■ **TASK PROMPT**: Without the pictures, output all of the data exactly.
***
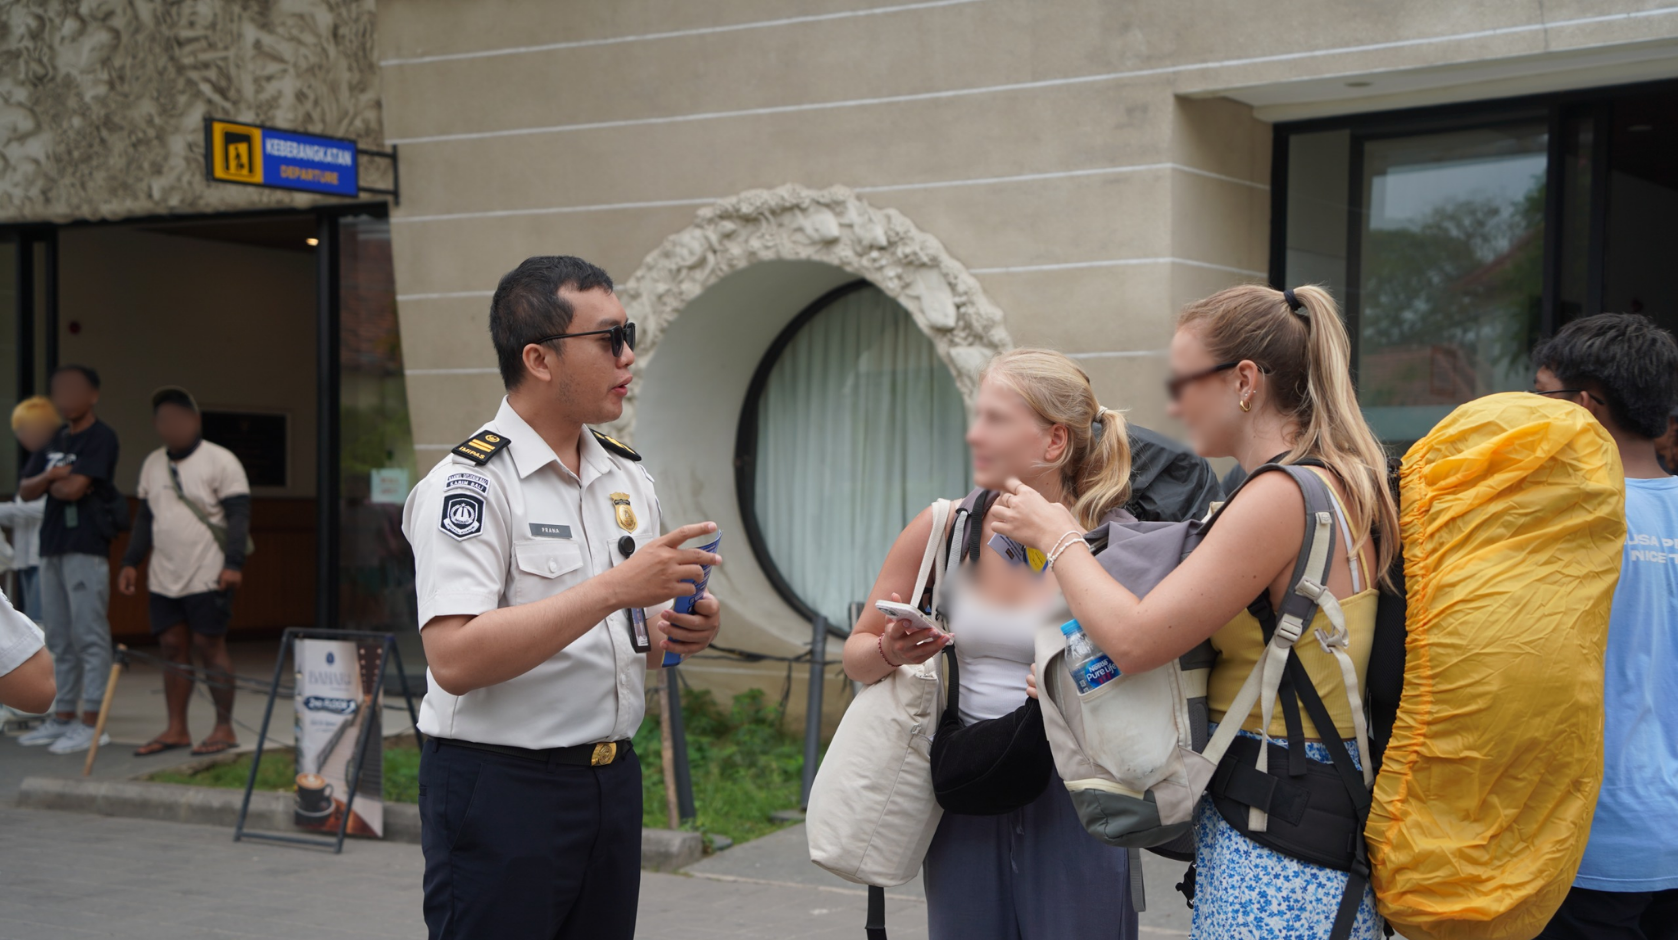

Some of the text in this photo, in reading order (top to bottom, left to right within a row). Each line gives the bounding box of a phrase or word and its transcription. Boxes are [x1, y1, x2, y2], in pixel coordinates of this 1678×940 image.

[265, 138, 352, 167] KEBERANGKATAN
[280, 165, 339, 185] DEPARTURE
[458, 446, 486, 460] IMIPAS
[1624, 534, 1659, 546] USA
[1631, 550, 1667, 563] NICE
[1086, 664, 1116, 682] Pure Life
***
■ **WRITTEN RESPONSE**:
Some of the text in this photo, in reading order (top to bottom, left to right within a row). Each line gives the bounding box of a phrase or word and its transcription. Boxes are [x1, y1, x2, y2], in pixel coordinates of this 1678×940 image.

[265, 138, 352, 167] KEBERANGKATAN
[280, 165, 339, 185] DEPARTURE
[458, 446, 486, 460] IMIPAS
[1624, 534, 1659, 546] USA
[1631, 550, 1667, 563] NICE
[1086, 664, 1116, 682] Pure Life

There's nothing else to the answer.